* _Work task_
Write out, exactly and in full, the records given below, but not their pictures.

*** Opening Data section ***

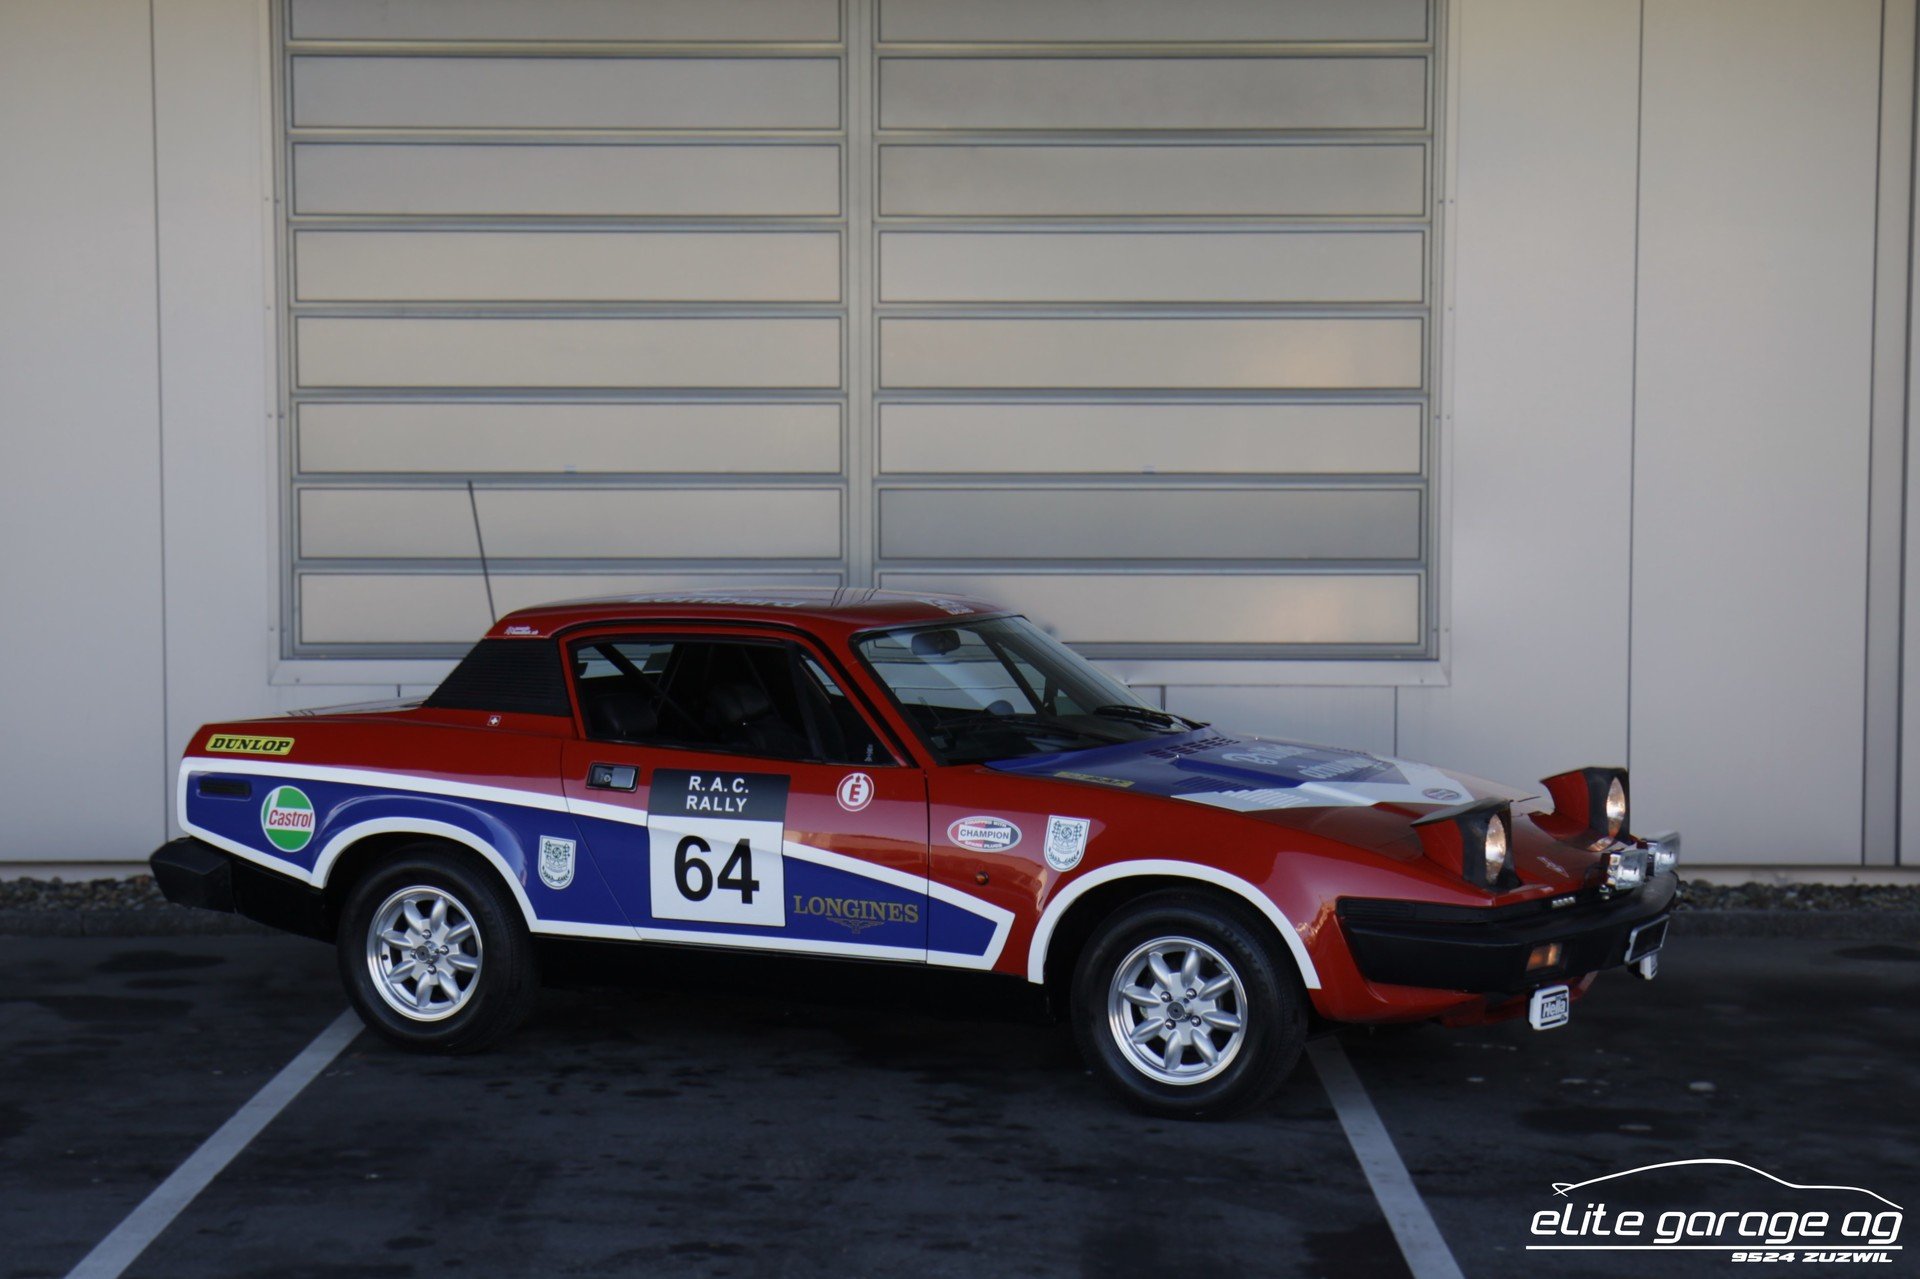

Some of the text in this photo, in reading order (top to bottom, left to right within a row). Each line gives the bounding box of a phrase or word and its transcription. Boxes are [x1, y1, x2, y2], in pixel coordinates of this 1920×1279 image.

[210, 737, 290, 752] DUNLOP
[685, 795, 748, 813] RALLY
[268, 809, 312, 828] Castrol
[960, 829, 1009, 839] CHAMPION
[674, 835, 760, 905] 64
[793, 895, 919, 924] LONGINES
[1543, 1000, 1566, 1018] Hella
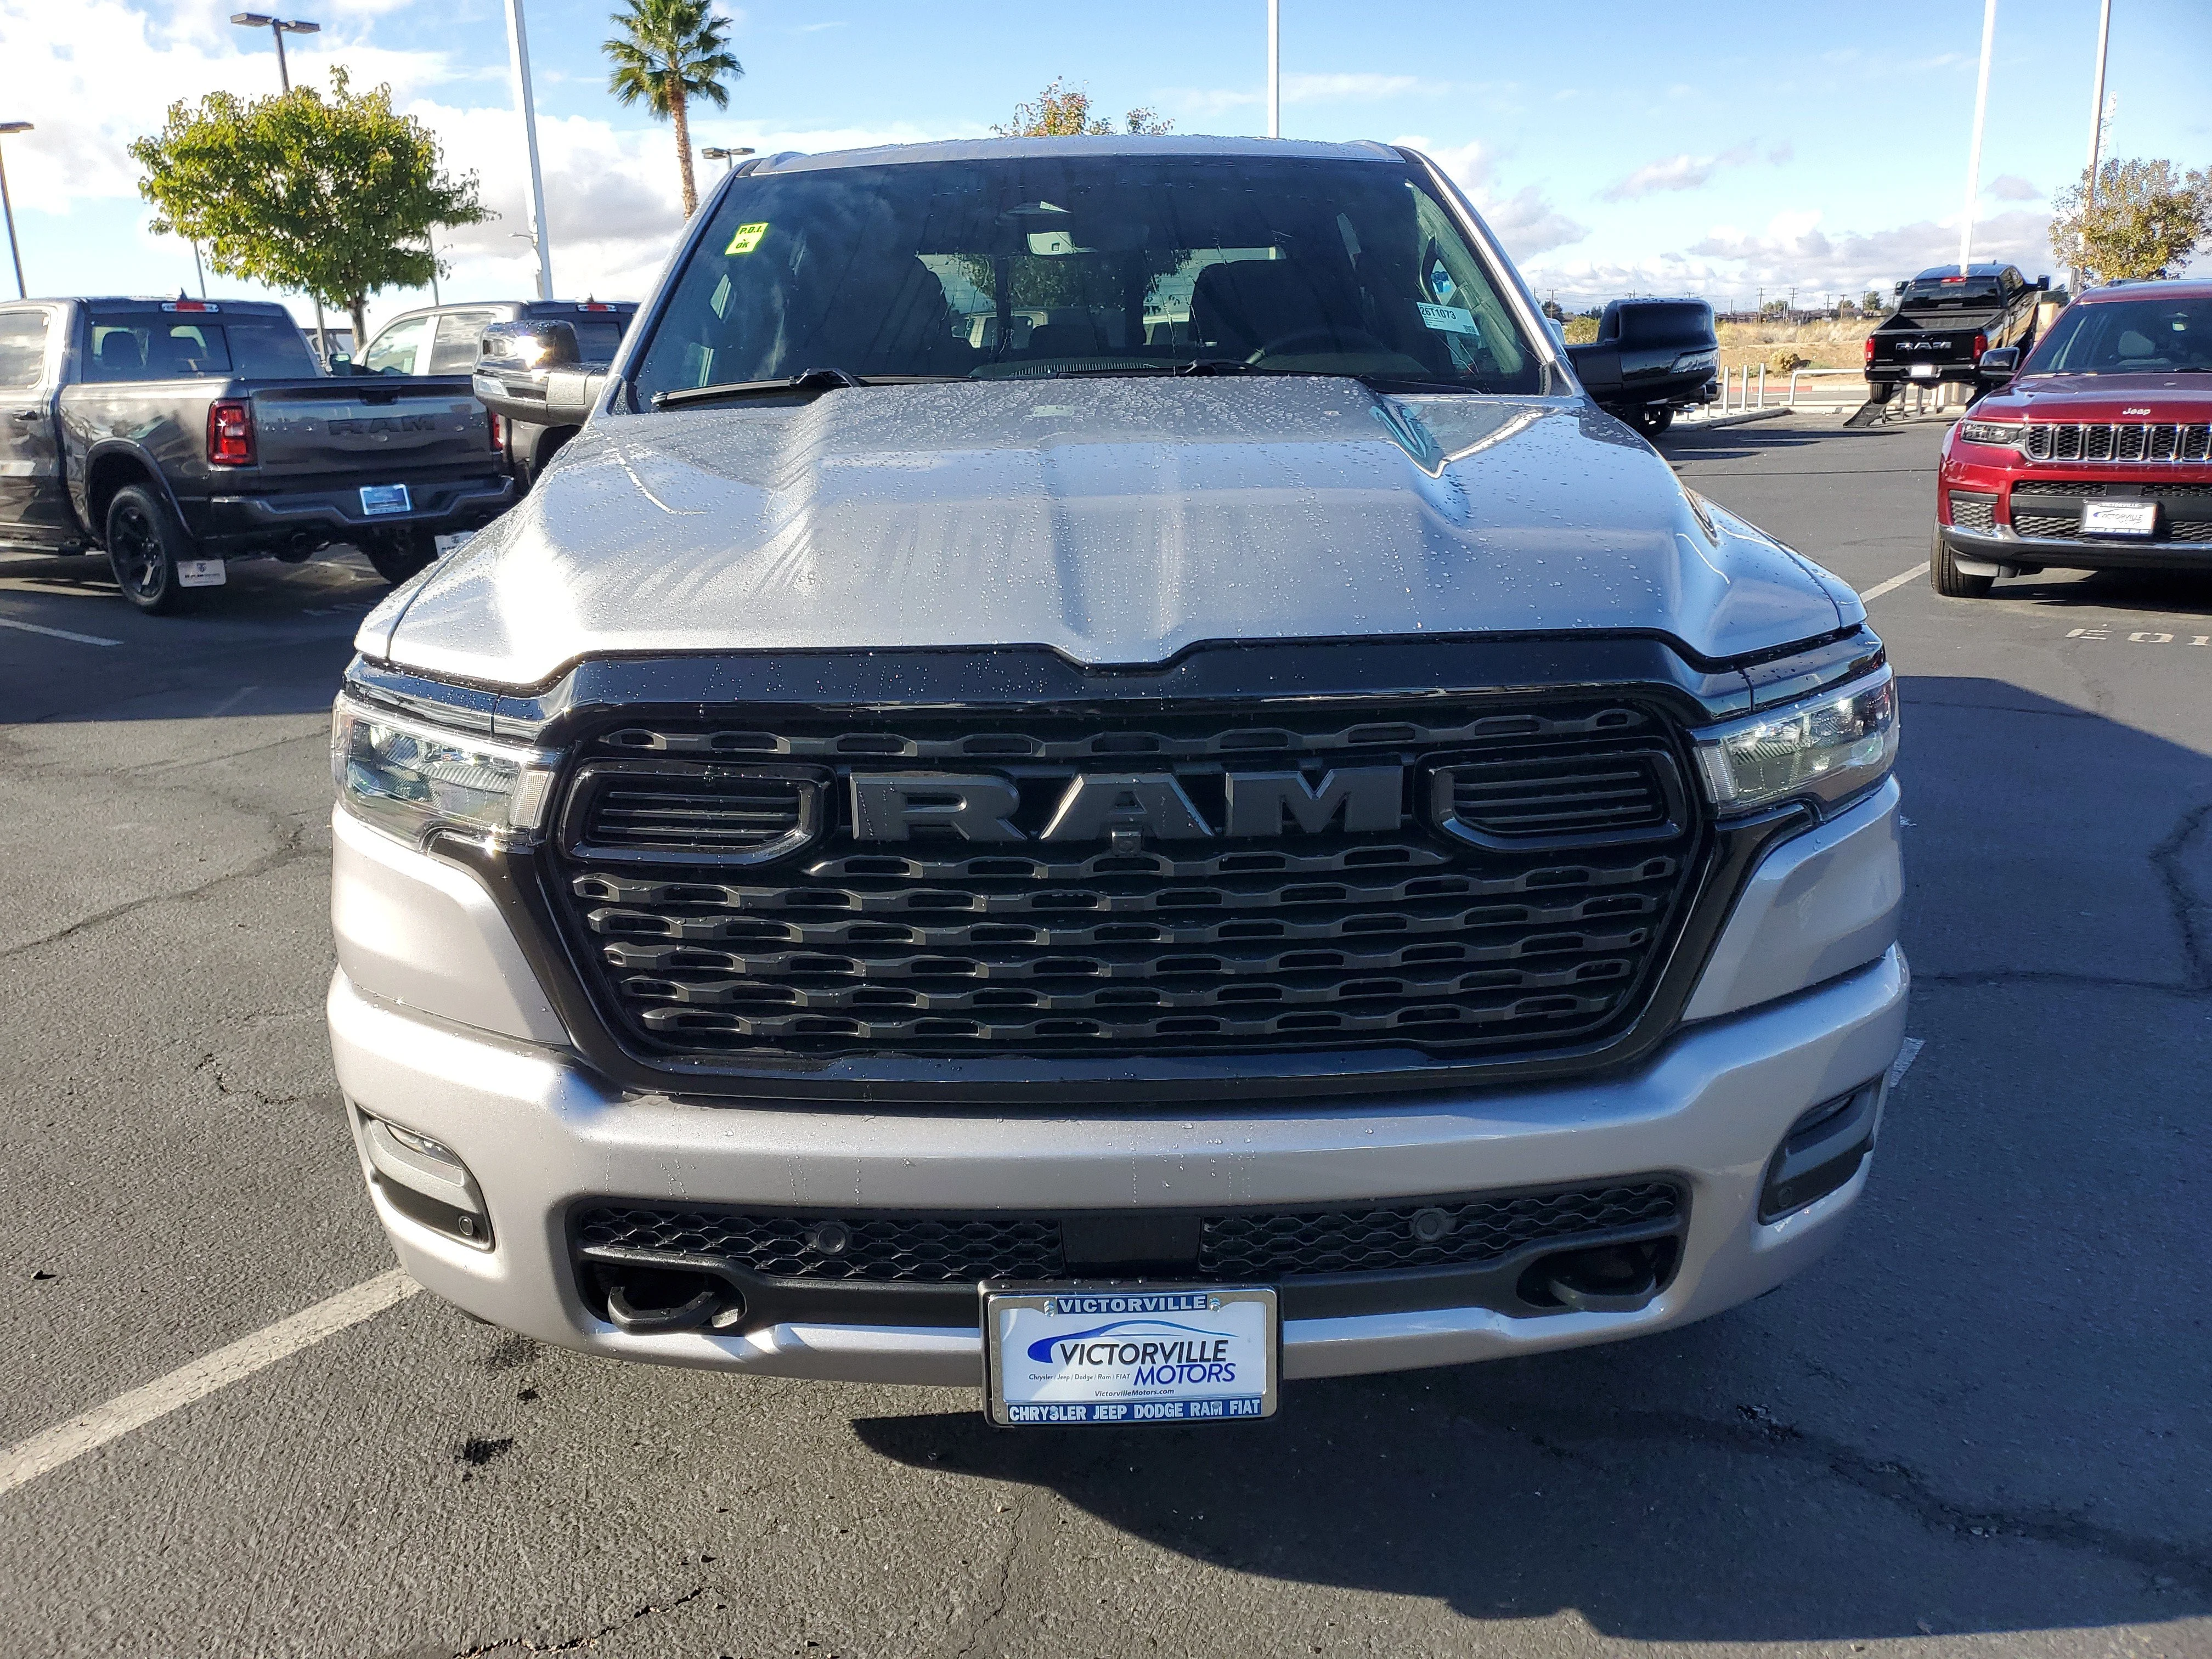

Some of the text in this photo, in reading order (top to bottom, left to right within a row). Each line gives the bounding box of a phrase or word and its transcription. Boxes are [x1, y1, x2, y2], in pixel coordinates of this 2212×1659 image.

[739, 225, 762, 234] P.D.I.
[1419, 307, 1457, 320] 26T1073
[1895, 341, 1952, 350] RAM
[329, 416, 436, 435] RAM
[850, 766, 1403, 840] RAM
[1059, 1296, 1206, 1313] VICTORVILLE
[1059, 1340, 1229, 1365] VICTORVILLE
[1133, 1362, 1236, 1386] MOTORS
[1094, 1388, 1175, 1397] VictorvilleMotors.com
[1093, 1404, 1127, 1420] JEEP
[1134, 1403, 1183, 1419] DODGE
[1190, 1401, 1223, 1417] RAM
[1229, 1400, 1260, 1415] FIAT

*** Closing Data section ***

* _Solution for this task_
Some of the text in this photo, in reading order (top to bottom, left to right within a row). Each line gives the bounding box of a phrase or word and its transcription. Boxes are [x1, y1, x2, y2], in pixel coordinates of this 1920×1279 image.

[210, 737, 290, 752] DUNLOP
[685, 795, 748, 813] RALLY
[268, 809, 312, 828] Castrol
[960, 829, 1009, 839] CHAMPION
[674, 835, 760, 905] 64
[793, 895, 919, 924] LONGINES
[1543, 1000, 1566, 1018] Hella

Some of the text in this photo, in reading order (top to bottom, left to right within a row). Each line gives the bounding box of a phrase or word and its transcription. Boxes are [x1, y1, x2, y2], in pixel coordinates of this 2212×1659 image.

[739, 225, 762, 234] P.D.I.
[1419, 307, 1457, 320] 26T1073
[1895, 341, 1952, 350] RAM
[329, 416, 436, 435] RAM
[850, 766, 1403, 840] RAM
[1059, 1296, 1206, 1313] VICTORVILLE
[1059, 1340, 1229, 1365] VICTORVILLE
[1133, 1362, 1236, 1386] MOTORS
[1094, 1388, 1175, 1397] VictorvilleMotors.com
[1093, 1404, 1127, 1420] JEEP
[1134, 1403, 1183, 1419] DODGE
[1190, 1401, 1223, 1417] RAM
[1229, 1400, 1260, 1415] FIAT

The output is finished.